Nico Rosberg set the day’s fastest time during the second practice session at Melbourne’s Albert Park circuit, just a tenth of a second ahead of teammate and reigning world champion Lewis Hamilton, as the team lived up to expectations of continued dominance in 2015.
“To arrive here and have such good pace in the car for the second year in a row is an amazing feeling,” Hamilton said, while acknowledging he was “not 100 percent comfortable with the car” on the softer tire.
Having such a large margin over rival teams meant Rosberg probably did not have to look beyond the team garage to know where the championship fight will be this season.
“It seems again that it’s very close between Lewis and me, and he is a great driver, so I need to nail the setup every time to come out on top,” Rosberg said. “This year will be a big battle again against him, I’m sure.”

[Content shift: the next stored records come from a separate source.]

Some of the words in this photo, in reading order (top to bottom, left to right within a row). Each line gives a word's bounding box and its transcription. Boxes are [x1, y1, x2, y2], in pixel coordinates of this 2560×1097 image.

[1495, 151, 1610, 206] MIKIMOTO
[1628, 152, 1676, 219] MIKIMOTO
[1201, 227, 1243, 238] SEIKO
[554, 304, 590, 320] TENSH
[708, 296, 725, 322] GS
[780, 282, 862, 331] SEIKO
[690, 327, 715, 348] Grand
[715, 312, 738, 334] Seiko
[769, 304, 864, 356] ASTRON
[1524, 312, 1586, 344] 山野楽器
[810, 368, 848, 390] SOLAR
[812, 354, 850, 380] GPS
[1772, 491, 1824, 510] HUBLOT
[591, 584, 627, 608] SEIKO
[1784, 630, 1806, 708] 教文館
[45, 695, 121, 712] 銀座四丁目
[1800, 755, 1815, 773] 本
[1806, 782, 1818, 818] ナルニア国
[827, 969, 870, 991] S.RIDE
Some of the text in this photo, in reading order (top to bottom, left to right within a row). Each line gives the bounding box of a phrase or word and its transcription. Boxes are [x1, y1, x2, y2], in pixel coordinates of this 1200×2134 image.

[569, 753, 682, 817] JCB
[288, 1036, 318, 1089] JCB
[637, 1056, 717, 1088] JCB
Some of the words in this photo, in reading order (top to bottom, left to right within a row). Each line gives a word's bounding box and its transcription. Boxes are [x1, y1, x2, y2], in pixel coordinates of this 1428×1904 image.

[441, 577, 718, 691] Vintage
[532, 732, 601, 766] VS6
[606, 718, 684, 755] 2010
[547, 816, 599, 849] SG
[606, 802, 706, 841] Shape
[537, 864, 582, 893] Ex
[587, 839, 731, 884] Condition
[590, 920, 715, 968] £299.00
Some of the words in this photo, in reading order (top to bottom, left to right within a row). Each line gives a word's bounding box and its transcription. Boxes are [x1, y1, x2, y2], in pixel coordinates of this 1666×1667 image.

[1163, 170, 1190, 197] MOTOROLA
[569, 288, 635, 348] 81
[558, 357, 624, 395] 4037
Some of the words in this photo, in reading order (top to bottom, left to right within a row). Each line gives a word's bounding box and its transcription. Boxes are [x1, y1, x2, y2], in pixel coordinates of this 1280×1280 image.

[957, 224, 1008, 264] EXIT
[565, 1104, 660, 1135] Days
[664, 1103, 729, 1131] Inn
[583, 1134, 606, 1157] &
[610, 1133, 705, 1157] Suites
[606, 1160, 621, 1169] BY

Ferrari drivers Sebastian Vettel and Kimi Raikkonen were the next fastest, but well behind Mercedes’ pace. Third-placed Vettel — making his first official appearance for the team after leaving Red Bull — was seven-tenths of a second behind Rosberg.
Red Bull’s Daniel Ricciardo, the local favorite, was forced to miss the second session after an engine replacement, which is a serious concern as new regulations restrict each car to four engines for the season before penalties kick in.
Williams driver Felipe Massa also missed the session due to a water leak, and Toro Rosso’s 17-year-old rookie Max Verstappen barely participated in the second session due to a reported battery issue.
Such teething problems are common at the season-opening grand prix, and predictable for McLaren, which has struggled throughout preseason testing with its new Honda power unit. While Jenson Button was able to do some sustained running in the second session — a sobering 1.4 seconds off the top pace — Kevin Magnussen crashed into a tire wall early. Magnussen is standing in for Fernando Alonso, who will miss the season-opening race due to injury.
Williams driver Valtteri Bottas was fifth-fastest in the second session, ahead of Red Bull’s Daniil Kvyat. Toro Rosso rookie Carlos Sainz Jr., Lotus drivers Pastor Maldonado and Romain Grosjean, and Force India’s Nico Hulkenberg rounded out the top 10.
Sauber skipped the opening session due to an ongoing legal dispute with driver Giedo van der Garde, but enough progress was made in that dispute to allow Marcus Ericsson and Felipe Nasr to participate in the second session.
Van der Garde maintains he was promised a seat with Sauber for the 2015 season, but the team dumped him in favor of Ericsson and Nasr in November. The Supreme Court in the Australian state of Victoria ruled Wednesday that van der Garde should be able to race in Melbourne, and rejected a Sauber appeal on Thursday. They were in court again on Friday with van der Garde’s lawyers pursuing a contempt of court action, arguing the team had not done enough to comply with the previous rulings. That hearing is scheduled to continue on Saturday.
The Manor team, having been taken out of administration by new ownership just two weeks ago, took no part as it scrambles to make its car ready. Principal among the concerns is re-loading the complex software systems into its computers. The software was wiped from the computers to enable them to be sold as part of the administration process. The computers were not sold, but all the material has to be re-entered.
Team principal Graeme Lowdon was unsure if the team will be able to participate in Saturday’s qualifying, and therefore Sunday’s race.
“I don’t know, but what I can guarantee you is in terms of commitment and rate of problem solving, we will be absolutely flat out,” Lowdon said.
Even if the team does manage to get going for qualifying on Saturday, its unlikely to be within seven per cent of the pole sitter’s time, which is the standard required to take part in the race.